Spatial localization data
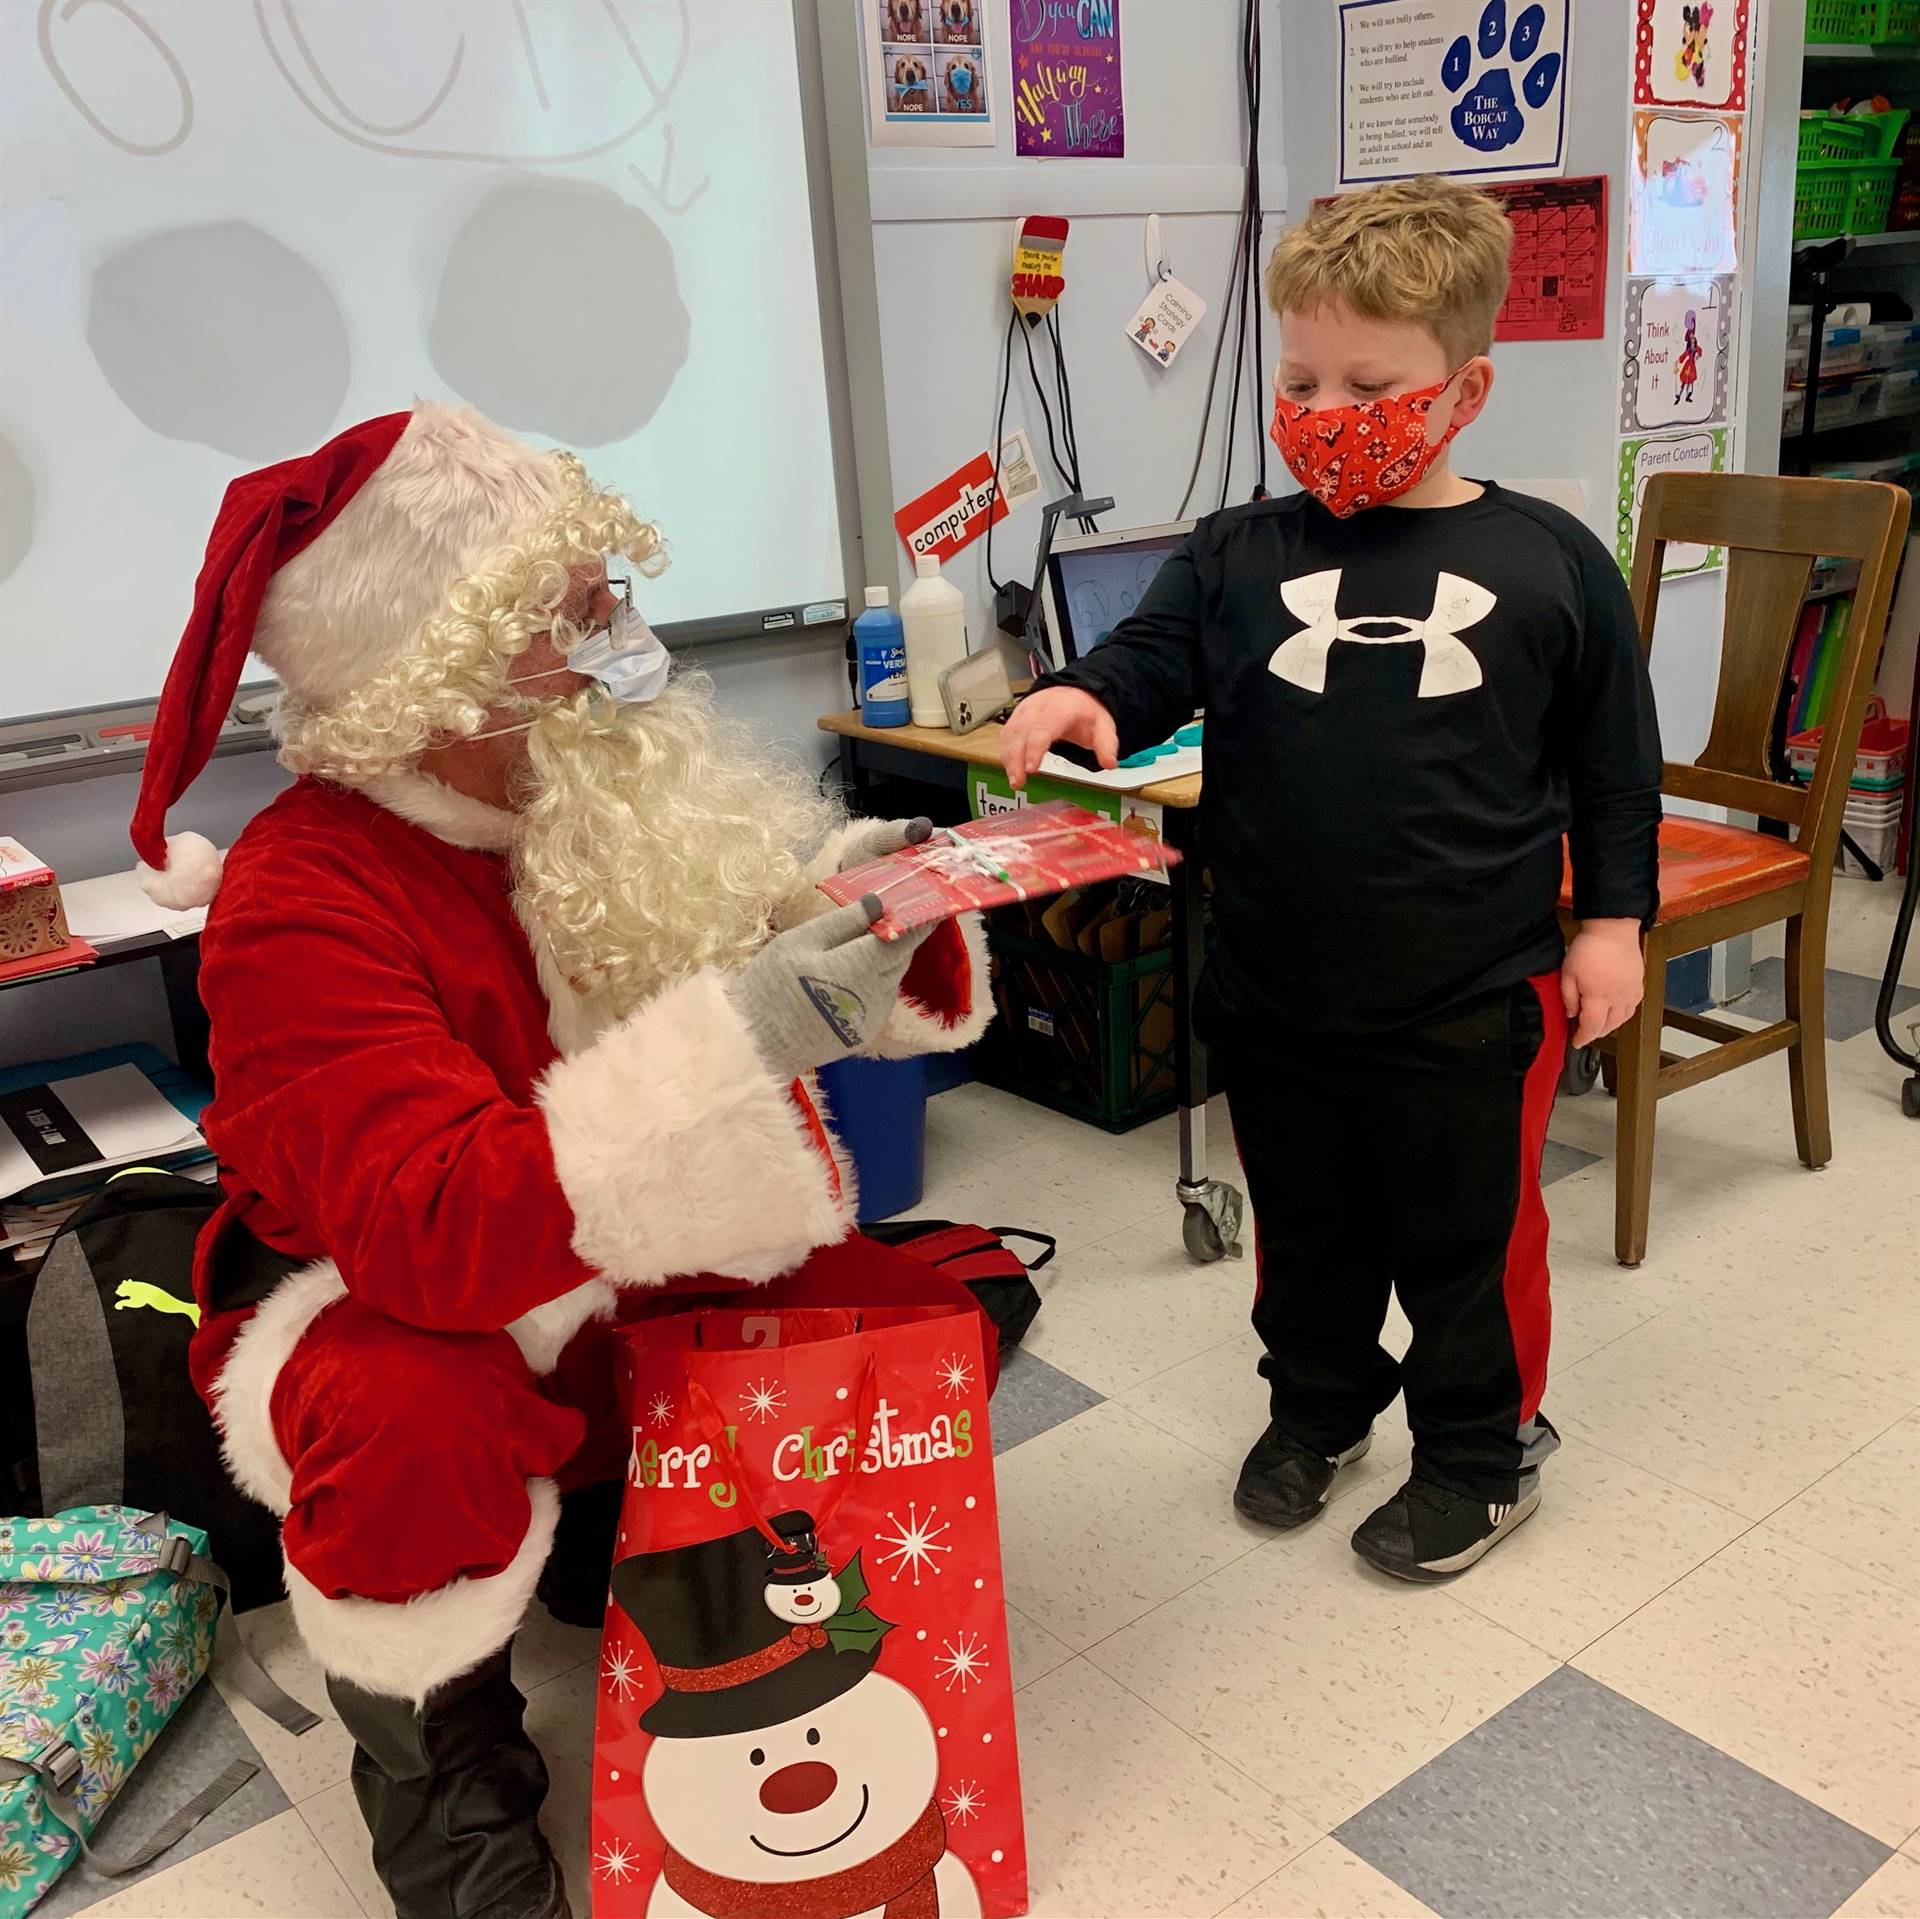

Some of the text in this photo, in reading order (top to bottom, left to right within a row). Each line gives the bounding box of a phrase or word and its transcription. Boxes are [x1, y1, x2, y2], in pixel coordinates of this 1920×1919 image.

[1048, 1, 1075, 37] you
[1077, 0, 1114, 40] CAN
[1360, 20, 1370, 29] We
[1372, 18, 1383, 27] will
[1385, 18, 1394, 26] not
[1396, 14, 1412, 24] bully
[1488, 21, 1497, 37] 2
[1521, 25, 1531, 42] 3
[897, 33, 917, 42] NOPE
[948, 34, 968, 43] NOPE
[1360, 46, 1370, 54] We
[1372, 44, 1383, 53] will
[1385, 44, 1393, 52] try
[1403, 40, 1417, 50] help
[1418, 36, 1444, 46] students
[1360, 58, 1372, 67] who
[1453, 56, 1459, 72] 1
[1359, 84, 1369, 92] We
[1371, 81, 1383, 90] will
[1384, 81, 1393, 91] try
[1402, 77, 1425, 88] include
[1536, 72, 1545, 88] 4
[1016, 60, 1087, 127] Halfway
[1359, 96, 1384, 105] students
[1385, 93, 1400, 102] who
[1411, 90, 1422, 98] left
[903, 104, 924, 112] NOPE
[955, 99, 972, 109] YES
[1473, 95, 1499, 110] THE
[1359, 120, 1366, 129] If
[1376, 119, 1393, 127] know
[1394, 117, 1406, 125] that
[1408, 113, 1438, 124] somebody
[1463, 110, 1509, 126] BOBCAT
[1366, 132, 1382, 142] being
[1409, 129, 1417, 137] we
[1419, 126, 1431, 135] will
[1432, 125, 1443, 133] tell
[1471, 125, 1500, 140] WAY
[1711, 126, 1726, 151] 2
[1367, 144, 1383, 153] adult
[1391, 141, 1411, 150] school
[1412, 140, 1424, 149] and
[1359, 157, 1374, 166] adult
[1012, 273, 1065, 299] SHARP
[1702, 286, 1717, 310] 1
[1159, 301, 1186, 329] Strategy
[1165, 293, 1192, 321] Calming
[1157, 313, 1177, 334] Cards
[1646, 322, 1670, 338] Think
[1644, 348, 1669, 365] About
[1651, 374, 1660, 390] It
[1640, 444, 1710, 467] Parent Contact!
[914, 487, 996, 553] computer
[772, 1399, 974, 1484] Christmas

(Problem):
Set all of the records down once more, letter for letter, with the images removed.

(Reply to the exercise):
Some of the text in this photo, in reading order (top to bottom, left to right within a row). Each line gives the bounding box of a phrase or word and its transcription. Boxes are [x1, y1, x2, y2], in pixel coordinates of this 1920×1919 image.

[1048, 1, 1075, 37] you
[1077, 0, 1114, 40] CAN
[1360, 20, 1370, 29] We
[1372, 18, 1383, 27] will
[1385, 18, 1394, 26] not
[1396, 14, 1412, 24] bully
[1488, 21, 1497, 37] 2
[1521, 25, 1531, 42] 3
[897, 33, 917, 42] NOPE
[948, 34, 968, 43] NOPE
[1360, 46, 1370, 54] We
[1372, 44, 1383, 53] will
[1385, 44, 1393, 52] try
[1403, 40, 1417, 50] help
[1418, 36, 1444, 46] students
[1360, 58, 1372, 67] who
[1453, 56, 1459, 72] 1
[1359, 84, 1369, 92] We
[1371, 81, 1383, 90] will
[1384, 81, 1393, 91] try
[1402, 77, 1425, 88] include
[1536, 72, 1545, 88] 4
[1016, 60, 1087, 127] Halfway
[1359, 96, 1384, 105] students
[1385, 93, 1400, 102] who
[1411, 90, 1422, 98] left
[903, 104, 924, 112] NOPE
[955, 99, 972, 109] YES
[1473, 95, 1499, 110] THE
[1359, 120, 1366, 129] If
[1376, 119, 1393, 127] know
[1394, 117, 1406, 125] that
[1408, 113, 1438, 124] somebody
[1463, 110, 1509, 126] BOBCAT
[1366, 132, 1382, 142] being
[1409, 129, 1417, 137] we
[1419, 126, 1431, 135] will
[1432, 125, 1443, 133] tell
[1471, 125, 1500, 140] WAY
[1711, 126, 1726, 151] 2
[1367, 144, 1383, 153] adult
[1391, 141, 1411, 150] school
[1412, 140, 1424, 149] and
[1359, 157, 1374, 166] adult
[1012, 273, 1065, 299] SHARP
[1702, 286, 1717, 310] 1
[1159, 301, 1186, 329] Strategy
[1165, 293, 1192, 321] Calming
[1157, 313, 1177, 334] Cards
[1646, 322, 1670, 338] Think
[1644, 348, 1669, 365] About
[1651, 374, 1660, 390] It
[1640, 444, 1710, 467] Parent Contact!
[914, 487, 996, 553] computer
[772, 1399, 974, 1484] Christmas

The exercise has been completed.